> [Data under study]
------------------------
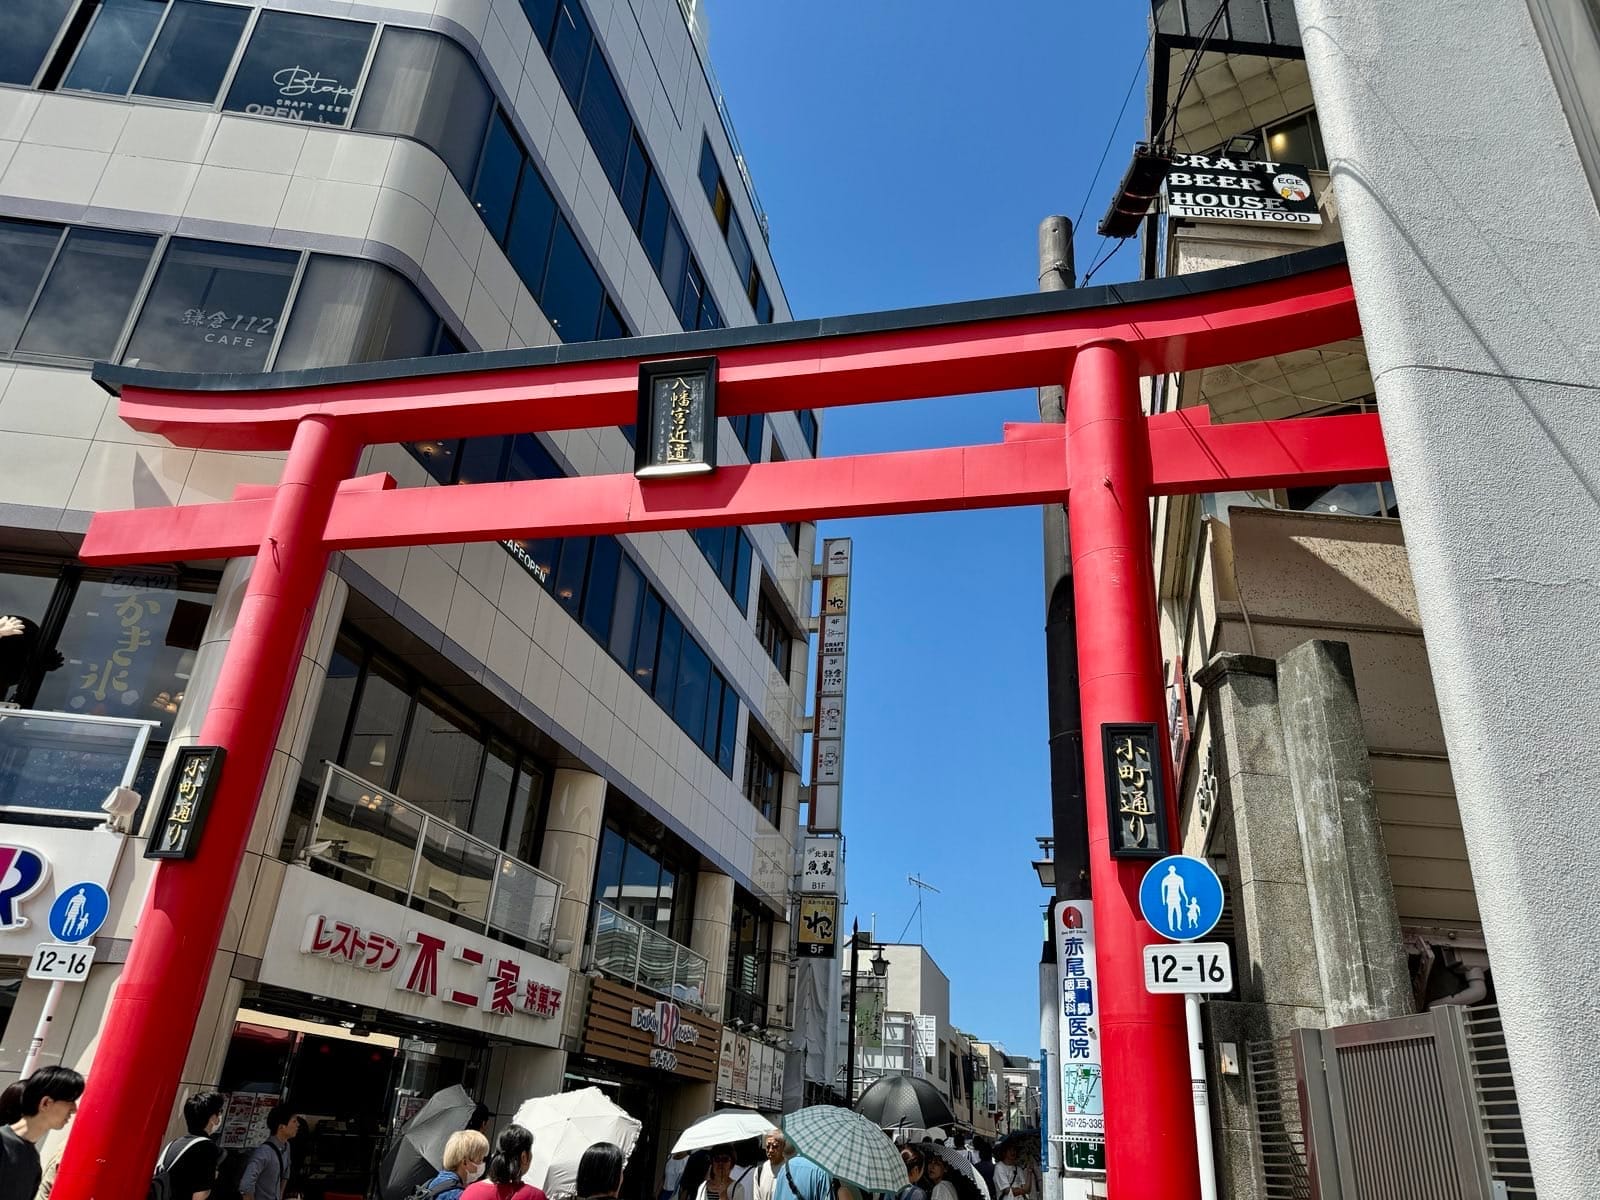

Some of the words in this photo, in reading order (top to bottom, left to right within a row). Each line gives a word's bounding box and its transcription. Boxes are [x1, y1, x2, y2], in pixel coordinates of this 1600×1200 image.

[245, 103, 304, 120] OPEN
[276, 98, 313, 109] CRAFT
[1171, 154, 1280, 174] CRAFT
[1169, 172, 1265, 191] BEER
[1277, 177, 1303, 186] EGE
[1171, 191, 1288, 211] HOUSE
[1180, 206, 1257, 220] TURKISH
[1261, 211, 1311, 223] FOOD
[182, 308, 278, 334] 鎌倉112
[204, 333, 256, 347] CAFE
[667, 377, 692, 462] 八幡宮近道
[80, 595, 160, 701] かき氷
[1115, 738, 1155, 843] 小町通り
[167, 758, 206, 847] 小町通り
[810, 944, 825, 954] 5F
[1065, 937, 1085, 977] 赤尾
[35, 951, 87, 975] 12-16
[309, 914, 401, 971] レストラン
[405, 931, 521, 1016] 不二家
[522, 979, 562, 1018] 洋菓子
[1152, 955, 1225, 983] 12-16
[1069, 1018, 1090, 1058] 医院
[1075, 1154, 1095, 1165] 1-5
------------------------
> [Problem to solve]
Output all of the data exactly. Skip the pictures.

> [Exercise result]
Some of the words in this photo, in reading order (top to bottom, left to right within a row). Each line gives a word's bounding box and its transcription. Boxes are [x1, y1, x2, y2], in pixel coordinates of this 1600×1200 image.

[245, 103, 304, 120] OPEN
[276, 98, 313, 109] CRAFT
[1171, 154, 1280, 174] CRAFT
[1169, 172, 1265, 191] BEER
[1277, 177, 1303, 186] EGE
[1171, 191, 1288, 211] HOUSE
[1180, 206, 1257, 220] TURKISH
[1261, 211, 1311, 223] FOOD
[182, 308, 278, 334] 鎌倉112
[204, 333, 256, 347] CAFE
[667, 377, 692, 462] 八幡宮近道
[80, 595, 160, 701] かき氷
[1115, 738, 1155, 843] 小町通り
[167, 758, 206, 847] 小町通り
[810, 944, 825, 954] 5F
[1065, 937, 1085, 977] 赤尾
[35, 951, 87, 975] 12-16
[309, 914, 401, 971] レストラン
[405, 931, 521, 1016] 不二家
[522, 979, 562, 1018] 洋菓子
[1152, 955, 1225, 983] 12-16
[1069, 1018, 1090, 1058] 医院
[1075, 1154, 1095, 1165] 1-5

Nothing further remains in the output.